=== ASSIGNMENT ===
Each entry that follows should be set down precisely, with its pictures removed.

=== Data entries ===
§

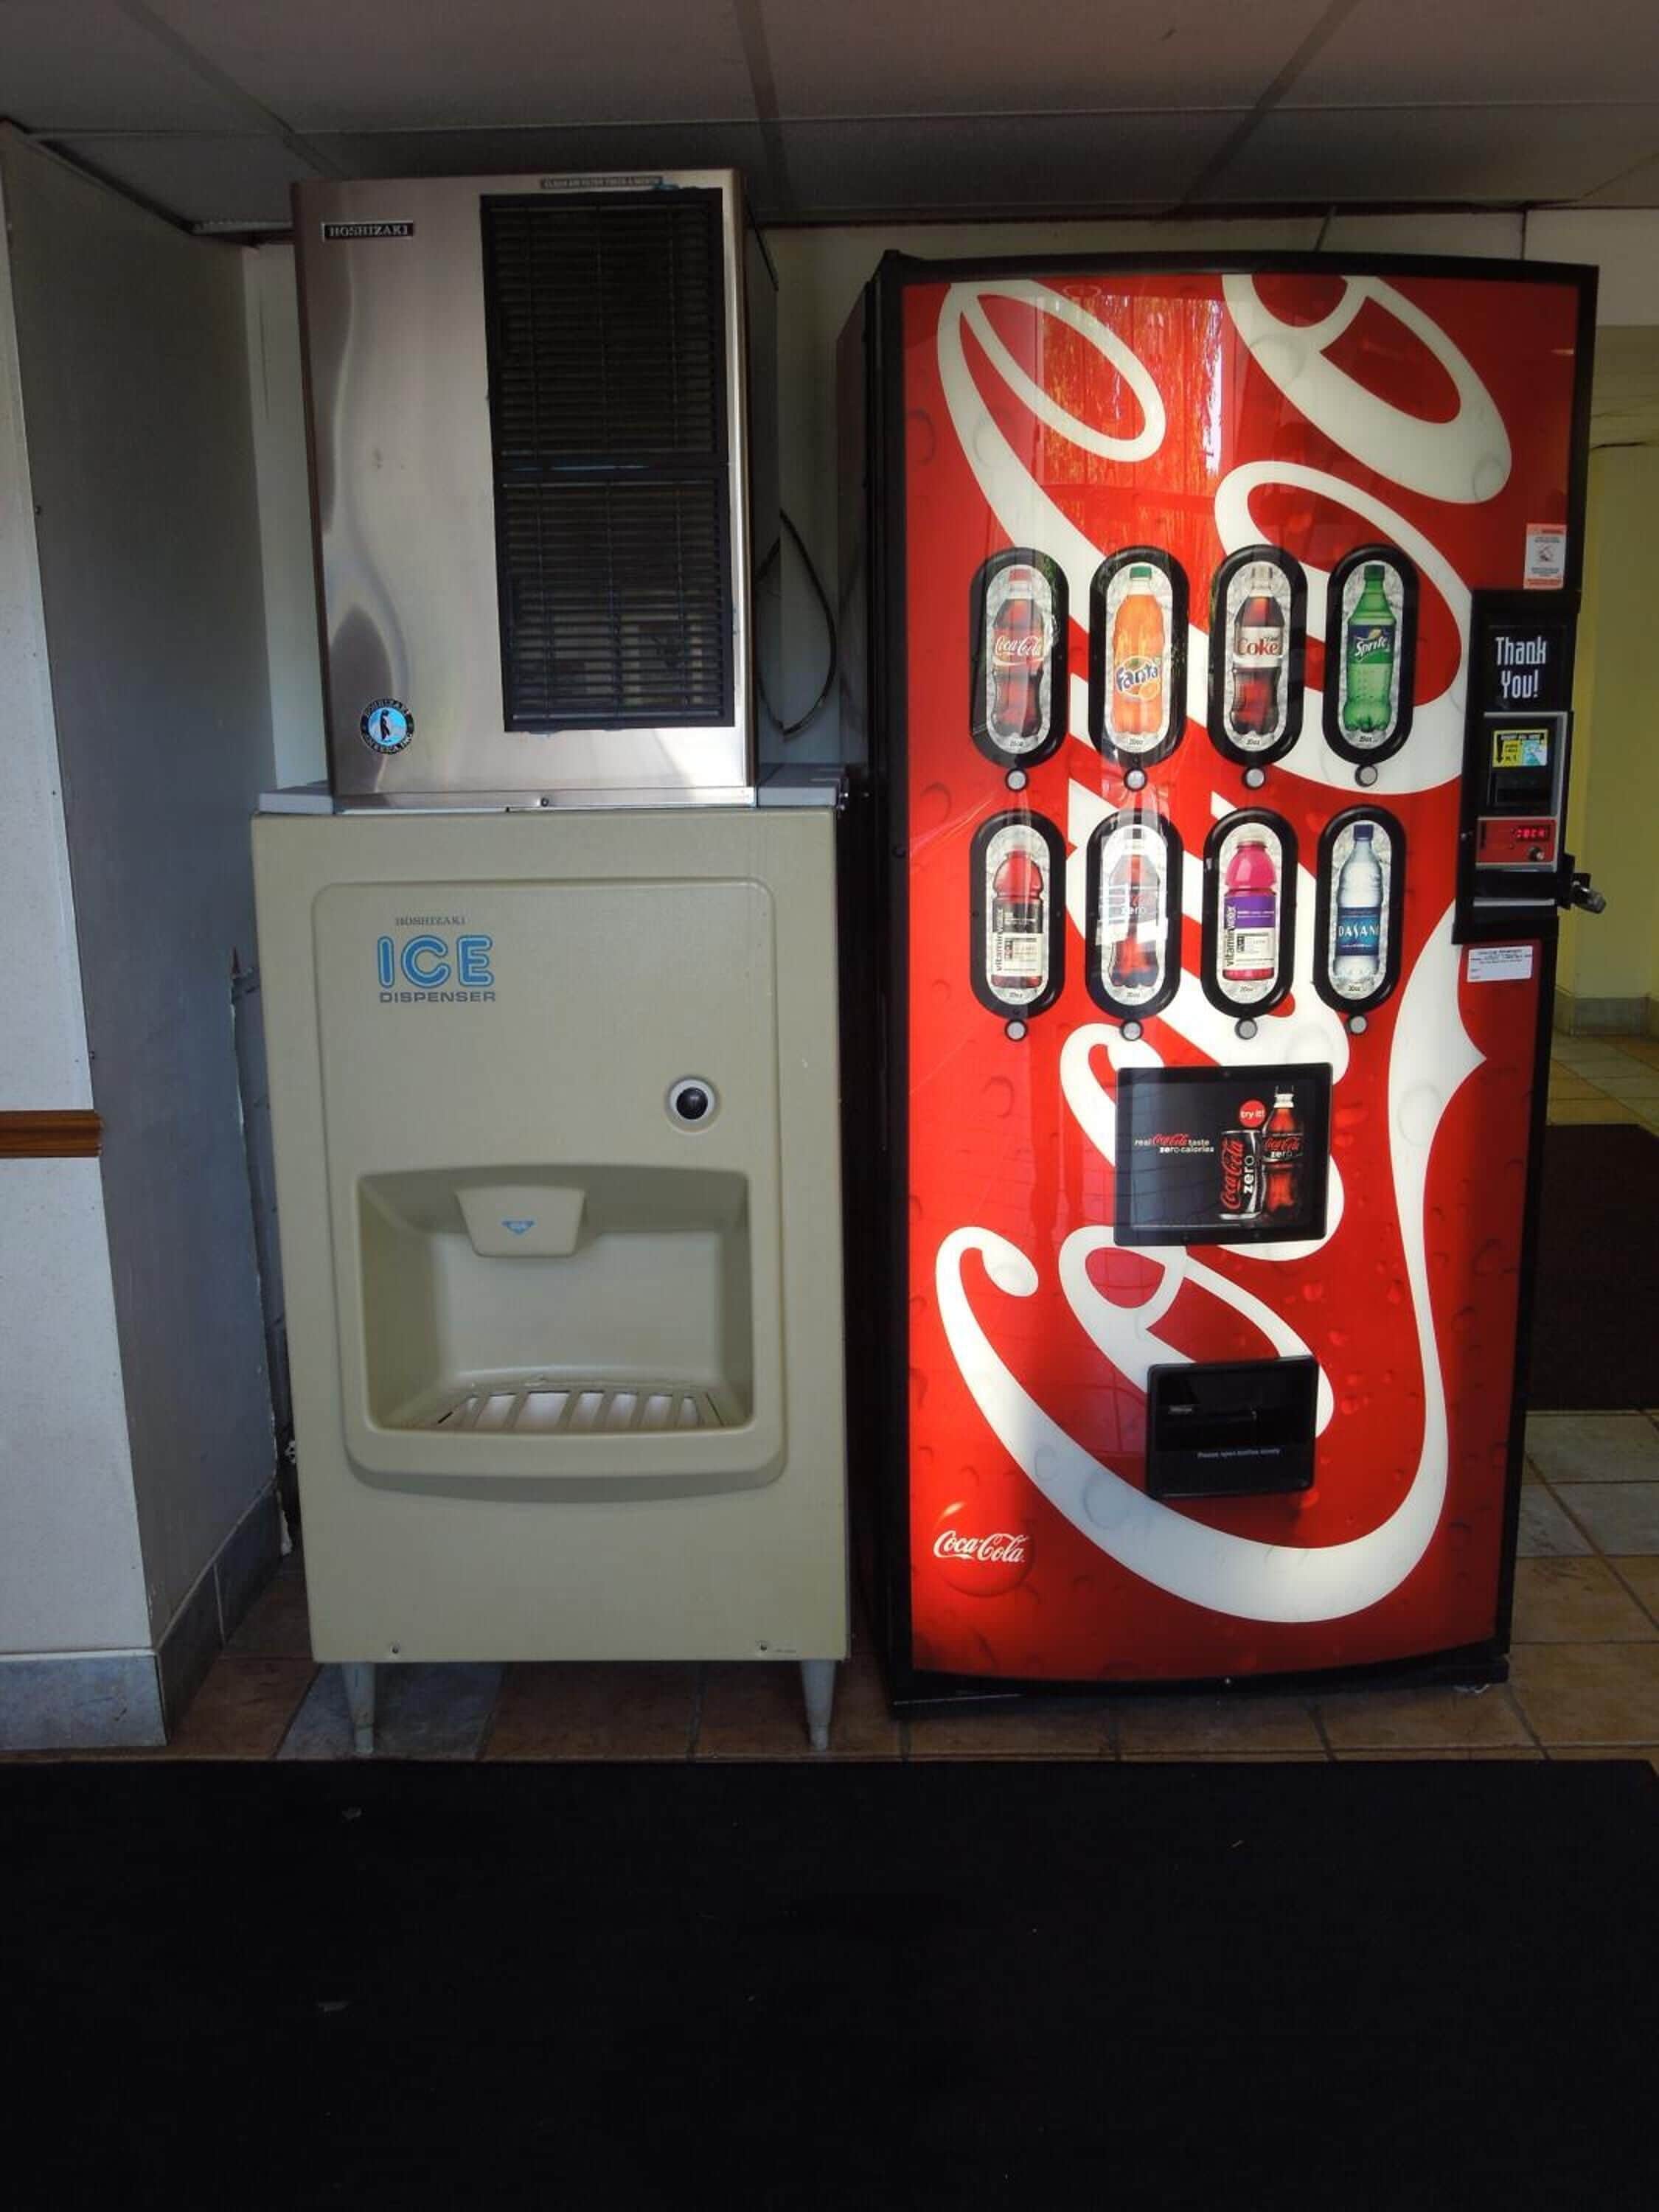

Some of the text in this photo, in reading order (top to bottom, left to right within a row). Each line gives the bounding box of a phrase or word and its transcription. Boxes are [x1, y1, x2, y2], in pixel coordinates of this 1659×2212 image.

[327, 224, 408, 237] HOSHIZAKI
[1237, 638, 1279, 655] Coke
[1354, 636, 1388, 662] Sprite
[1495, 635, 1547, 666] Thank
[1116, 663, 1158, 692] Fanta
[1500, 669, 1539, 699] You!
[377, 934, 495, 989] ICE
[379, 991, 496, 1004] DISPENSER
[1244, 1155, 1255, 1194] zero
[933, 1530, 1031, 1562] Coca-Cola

§

=== WRITTEN RESPONSE ===
Some of the text in this photo, in reading order (top to bottom, left to right within a row). Each line gives the bounding box of a phrase or word and its transcription. Boxes are [x1, y1, x2, y2], in pixel coordinates of this 1659×2212 image.

[327, 224, 408, 237] HOSHIZAKI
[1237, 638, 1279, 655] Coke
[1354, 636, 1388, 662] Sprite
[1495, 635, 1547, 666] Thank
[1116, 663, 1158, 692] Fanta
[1500, 669, 1539, 699] You!
[377, 934, 495, 989] ICE
[379, 991, 496, 1004] DISPENSER
[1244, 1155, 1255, 1194] zero
[933, 1530, 1031, 1562] Coca-Cola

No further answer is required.